Referring expression grounding data
━━━━━━━━
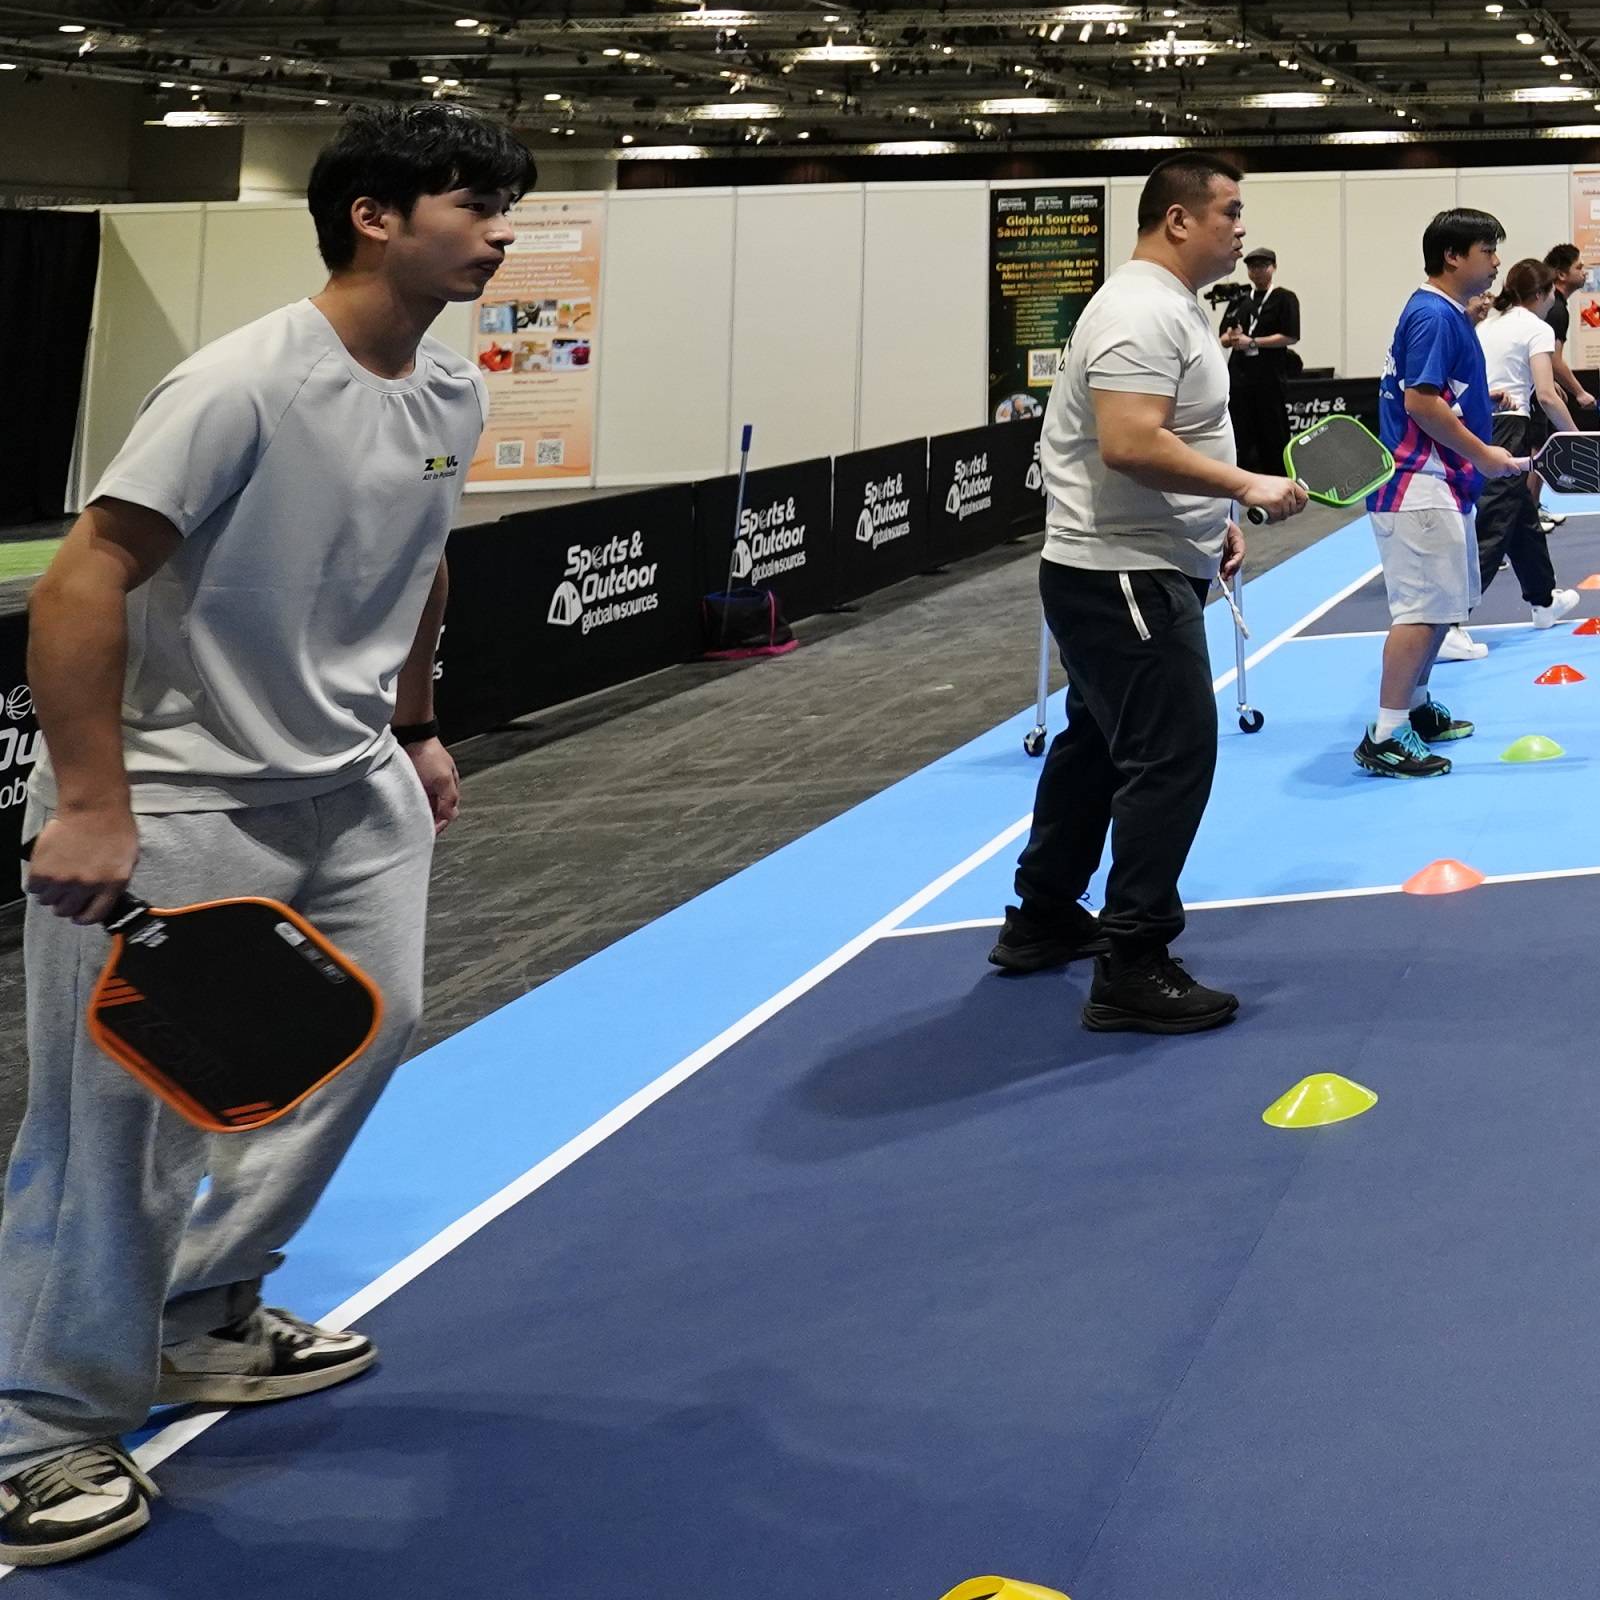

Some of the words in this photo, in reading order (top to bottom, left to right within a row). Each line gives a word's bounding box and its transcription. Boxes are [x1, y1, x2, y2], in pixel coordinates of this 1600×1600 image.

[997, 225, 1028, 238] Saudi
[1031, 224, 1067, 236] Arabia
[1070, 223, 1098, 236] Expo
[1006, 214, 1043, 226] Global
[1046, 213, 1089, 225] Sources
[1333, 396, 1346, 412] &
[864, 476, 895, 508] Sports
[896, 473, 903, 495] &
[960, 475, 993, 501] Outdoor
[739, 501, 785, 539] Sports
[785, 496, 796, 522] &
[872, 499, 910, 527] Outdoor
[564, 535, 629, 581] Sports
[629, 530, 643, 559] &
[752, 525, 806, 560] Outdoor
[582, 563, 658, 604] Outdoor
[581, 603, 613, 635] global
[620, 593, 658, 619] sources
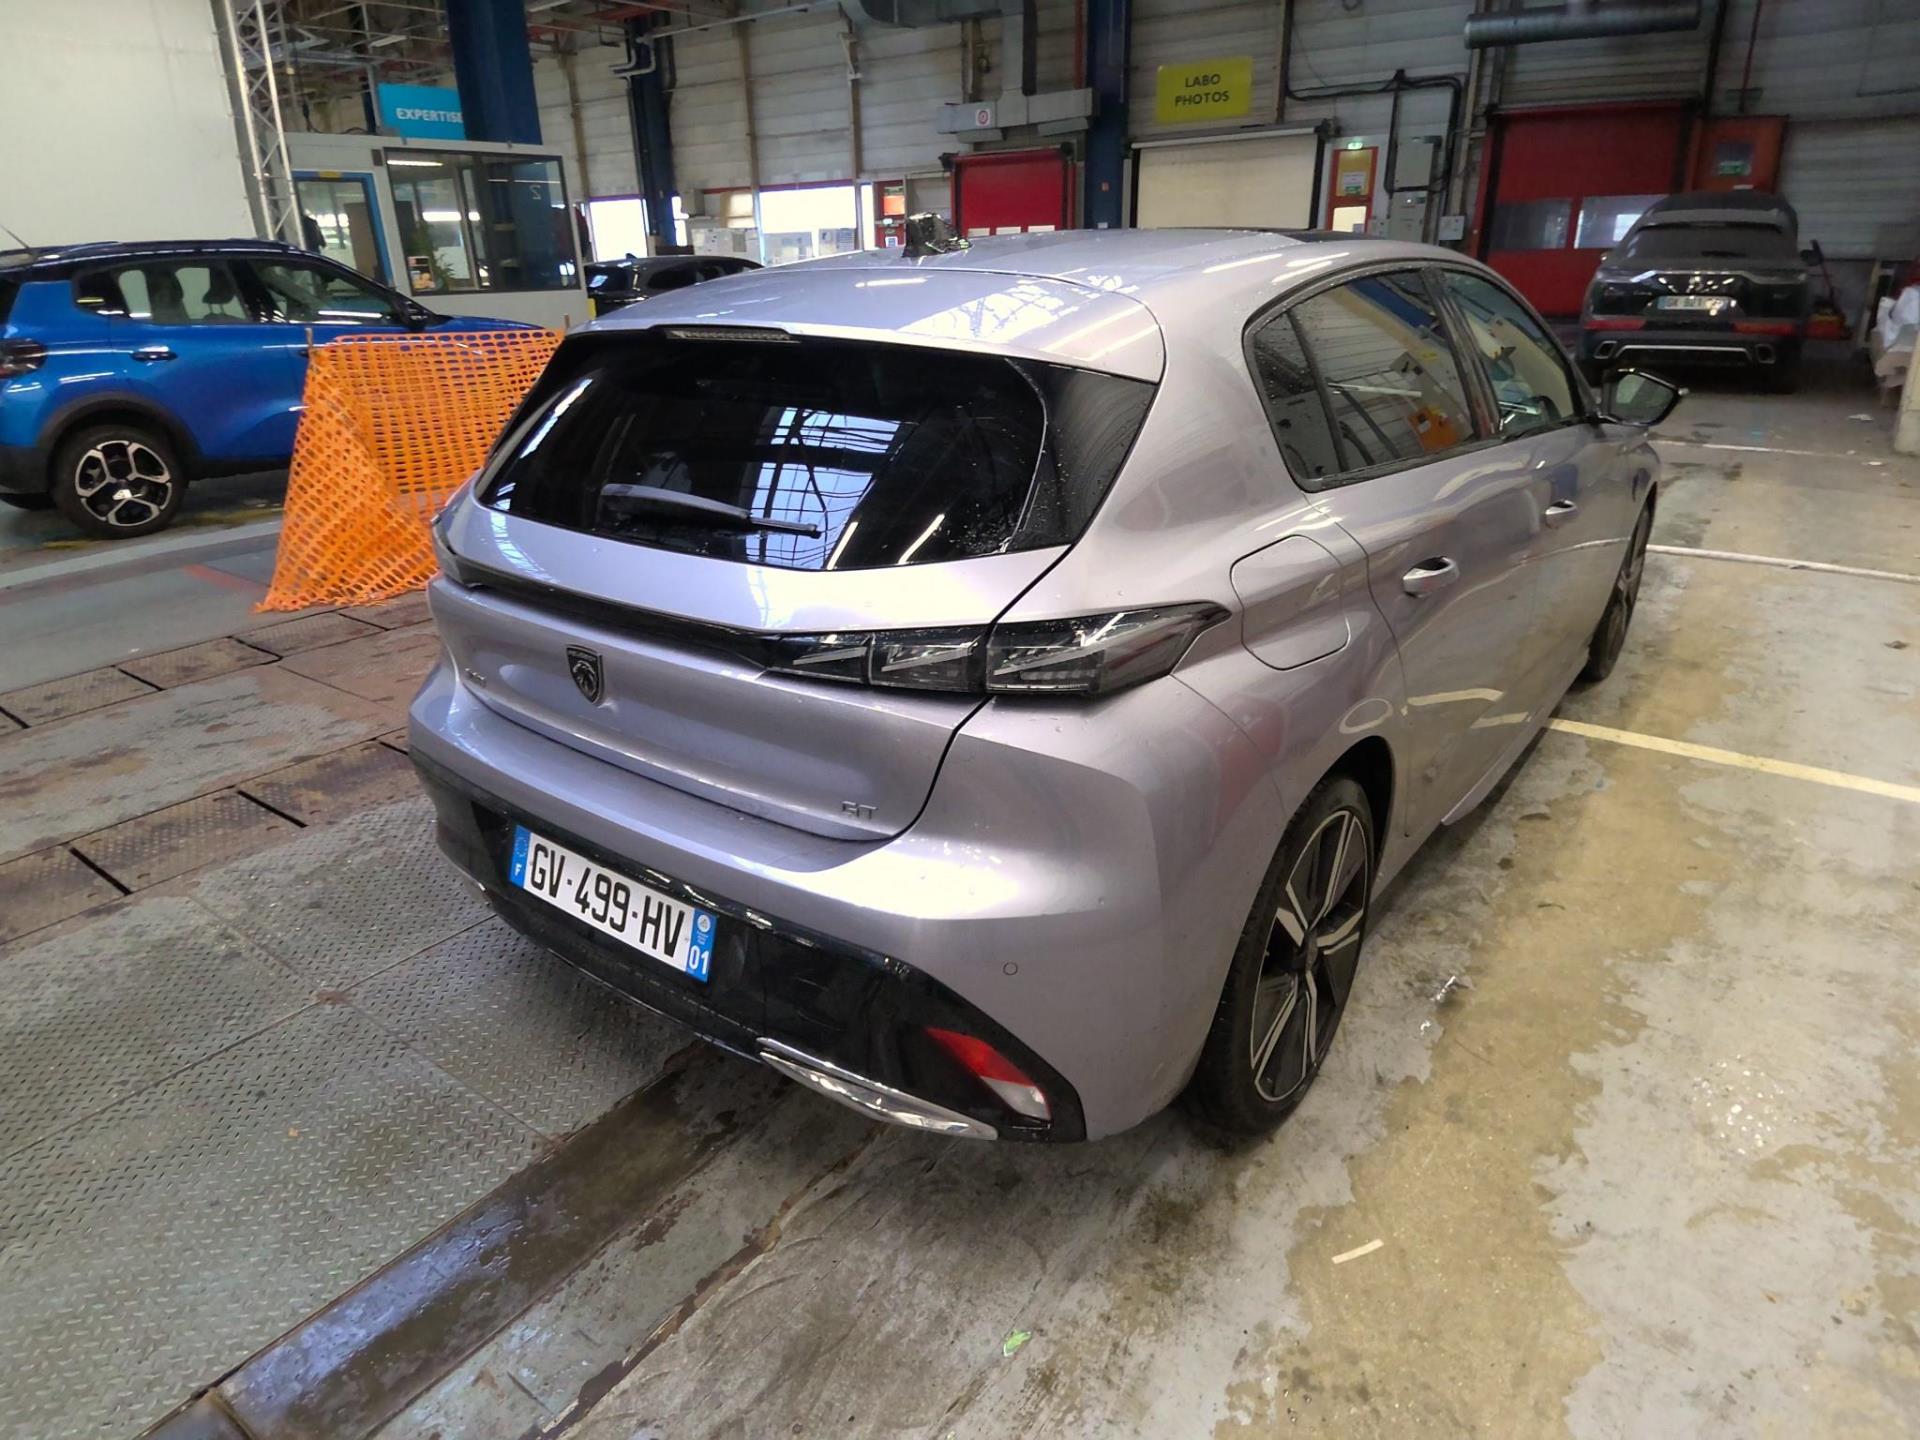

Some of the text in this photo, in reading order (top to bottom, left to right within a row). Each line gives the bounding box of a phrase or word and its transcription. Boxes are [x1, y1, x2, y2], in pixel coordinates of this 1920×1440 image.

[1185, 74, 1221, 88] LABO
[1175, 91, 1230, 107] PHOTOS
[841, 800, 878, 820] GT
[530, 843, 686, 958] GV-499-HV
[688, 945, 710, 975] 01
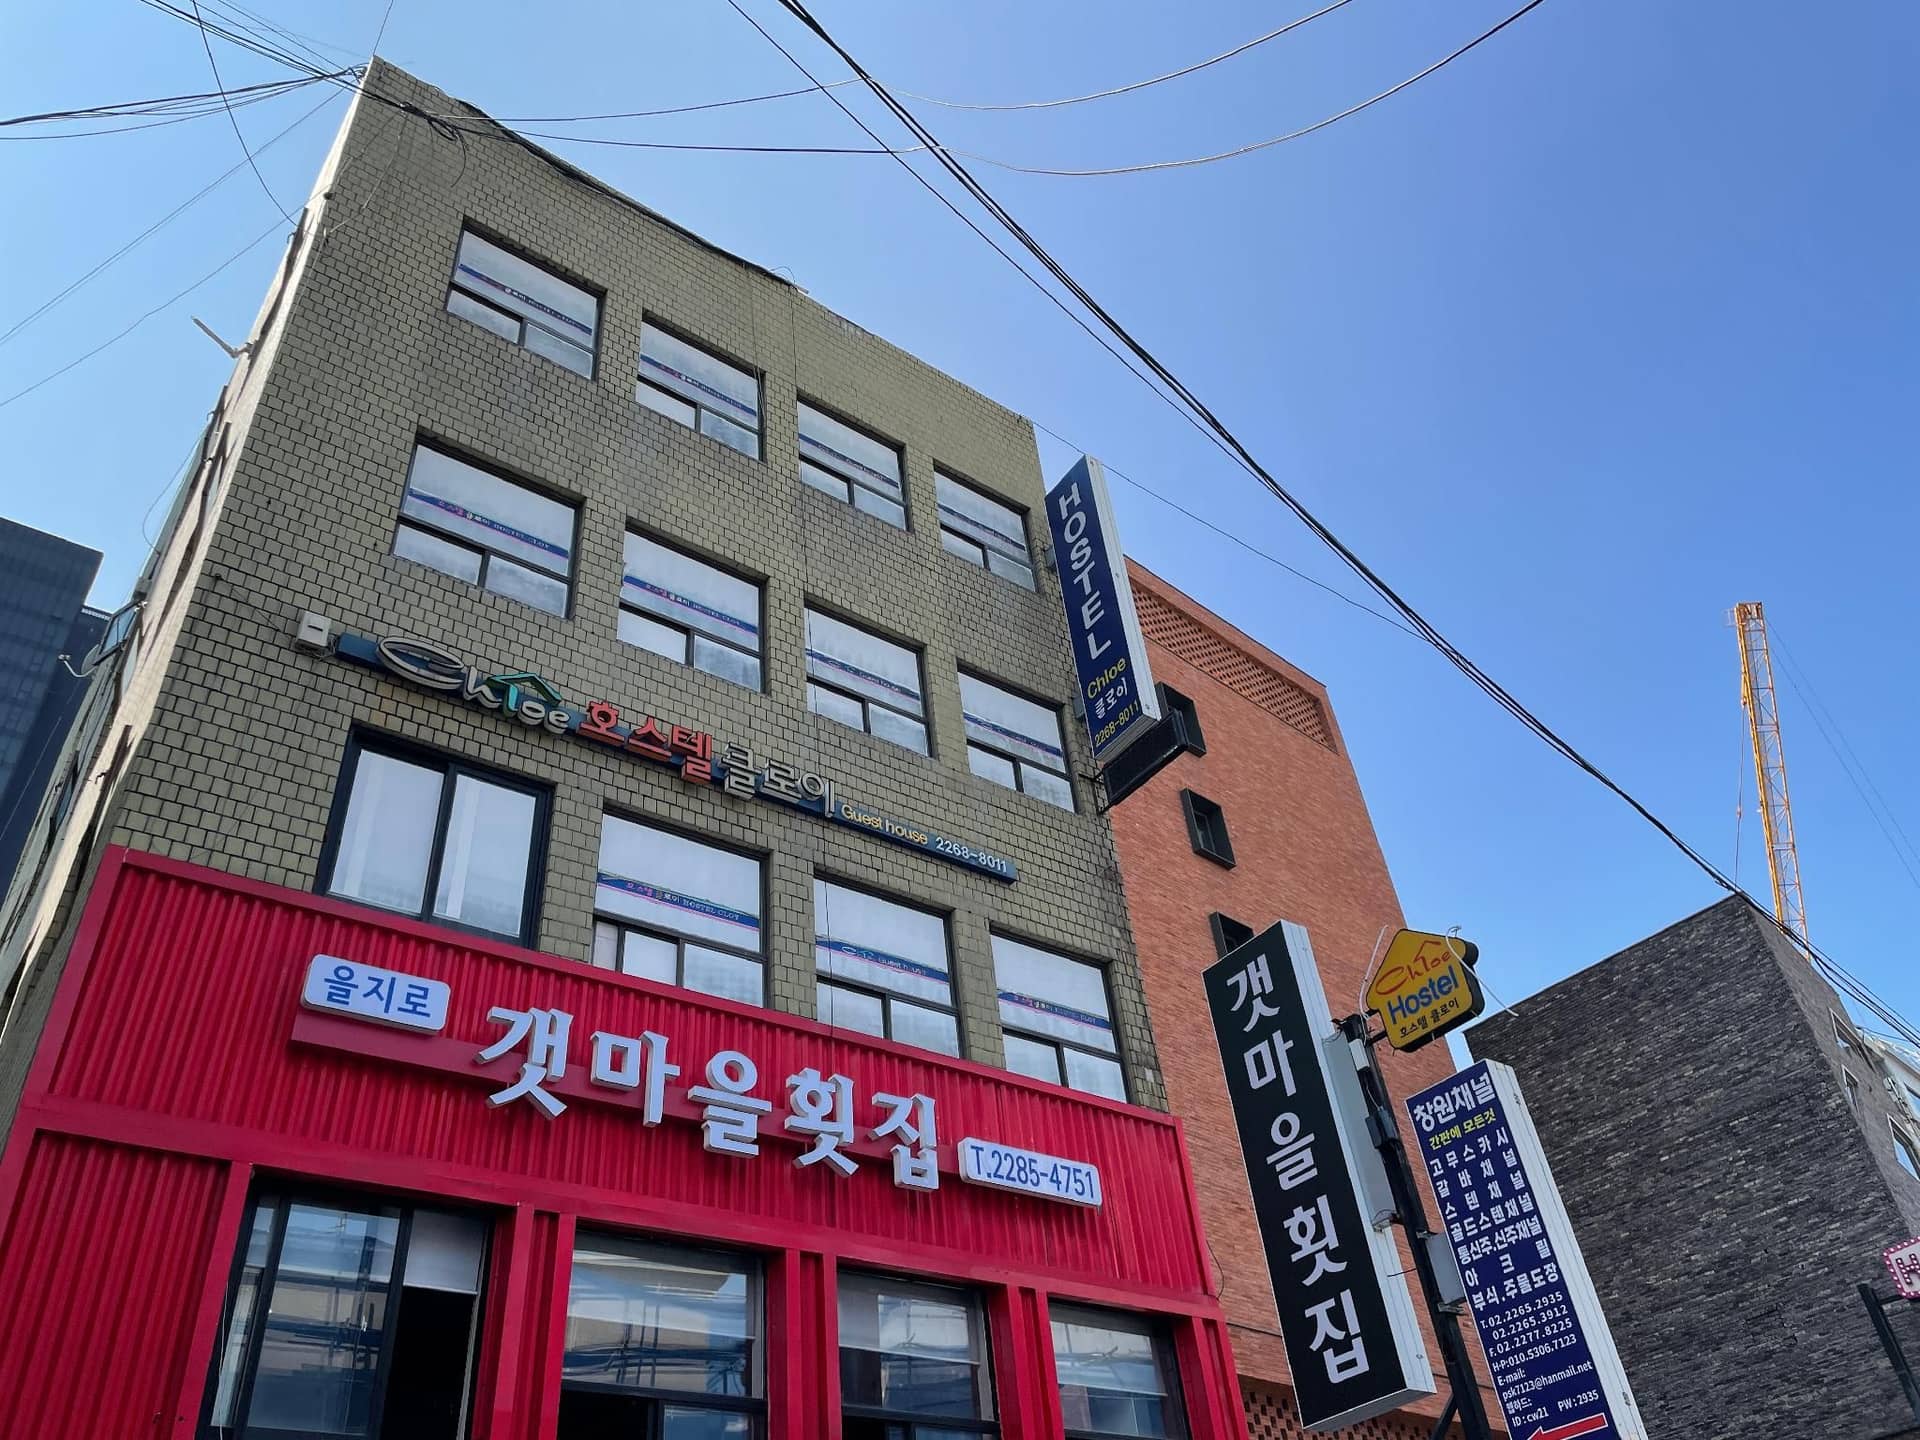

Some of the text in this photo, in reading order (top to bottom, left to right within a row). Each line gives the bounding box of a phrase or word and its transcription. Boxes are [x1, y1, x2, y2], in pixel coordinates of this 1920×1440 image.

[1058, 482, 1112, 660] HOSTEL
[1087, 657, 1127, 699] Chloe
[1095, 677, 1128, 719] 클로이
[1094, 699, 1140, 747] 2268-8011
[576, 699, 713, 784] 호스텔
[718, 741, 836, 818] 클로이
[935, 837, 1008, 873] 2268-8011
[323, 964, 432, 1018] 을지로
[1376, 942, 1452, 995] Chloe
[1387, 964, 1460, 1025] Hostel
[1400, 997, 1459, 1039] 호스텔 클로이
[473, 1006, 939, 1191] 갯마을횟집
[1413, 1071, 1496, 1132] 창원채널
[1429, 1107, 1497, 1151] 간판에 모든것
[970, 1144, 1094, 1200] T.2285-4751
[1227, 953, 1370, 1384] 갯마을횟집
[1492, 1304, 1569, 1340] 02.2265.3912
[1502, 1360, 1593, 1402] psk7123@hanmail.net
━━━━━━━━
* _Problem to work on_:
Pictures are to be left out; the records above must be repeated word for word.

* _Exercise answer_:
Some of the words in this photo, in reading order (top to bottom, left to right within a row). Each line gives a word's bounding box and its transcription. Boxes are [x1, y1, x2, y2], in pixel coordinates of this 1600×1600 image.

[997, 225, 1028, 238] Saudi
[1031, 224, 1067, 236] Arabia
[1070, 223, 1098, 236] Expo
[1006, 214, 1043, 226] Global
[1046, 213, 1089, 225] Sources
[1333, 396, 1346, 412] &
[864, 476, 895, 508] Sports
[896, 473, 903, 495] &
[960, 475, 993, 501] Outdoor
[739, 501, 785, 539] Sports
[785, 496, 796, 522] &
[872, 499, 910, 527] Outdoor
[564, 535, 629, 581] Sports
[629, 530, 643, 559] &
[752, 525, 806, 560] Outdoor
[582, 563, 658, 604] Outdoor
[581, 603, 613, 635] global
[620, 593, 658, 619] sources

Some of the text in this photo, in reading order (top to bottom, left to right within a row). Each line gives the bounding box of a phrase or word and its transcription. Boxes are [x1, y1, x2, y2], in pixel coordinates of this 1920×1440 image.

[1185, 74, 1221, 88] LABO
[1175, 91, 1230, 107] PHOTOS
[841, 800, 878, 820] GT
[530, 843, 686, 958] GV-499-HV
[688, 945, 710, 975] 01

Some of the text in this photo, in reading order (top to bottom, left to right within a row). Each line gives the bounding box of a phrase or word and its transcription. Boxes are [x1, y1, x2, y2], in pixel coordinates of this 1920×1440 image.

[1058, 482, 1112, 660] HOSTEL
[1087, 657, 1127, 699] Chloe
[1095, 677, 1128, 719] 클로이
[1094, 699, 1140, 747] 2268-8011
[576, 699, 713, 784] 호스텔
[718, 741, 836, 818] 클로이
[935, 837, 1008, 873] 2268-8011
[323, 964, 432, 1018] 을지로
[1376, 942, 1452, 995] Chloe
[1387, 964, 1460, 1025] Hostel
[1400, 997, 1459, 1039] 호스텔 클로이
[473, 1006, 939, 1191] 갯마을횟집
[1413, 1071, 1496, 1132] 창원채널
[1429, 1107, 1497, 1151] 간판에 모든것
[970, 1144, 1094, 1200] T.2285-4751
[1227, 953, 1370, 1384] 갯마을횟집
[1492, 1304, 1569, 1340] 02.2265.3912
[1502, 1360, 1593, 1402] psk7123@hanmail.net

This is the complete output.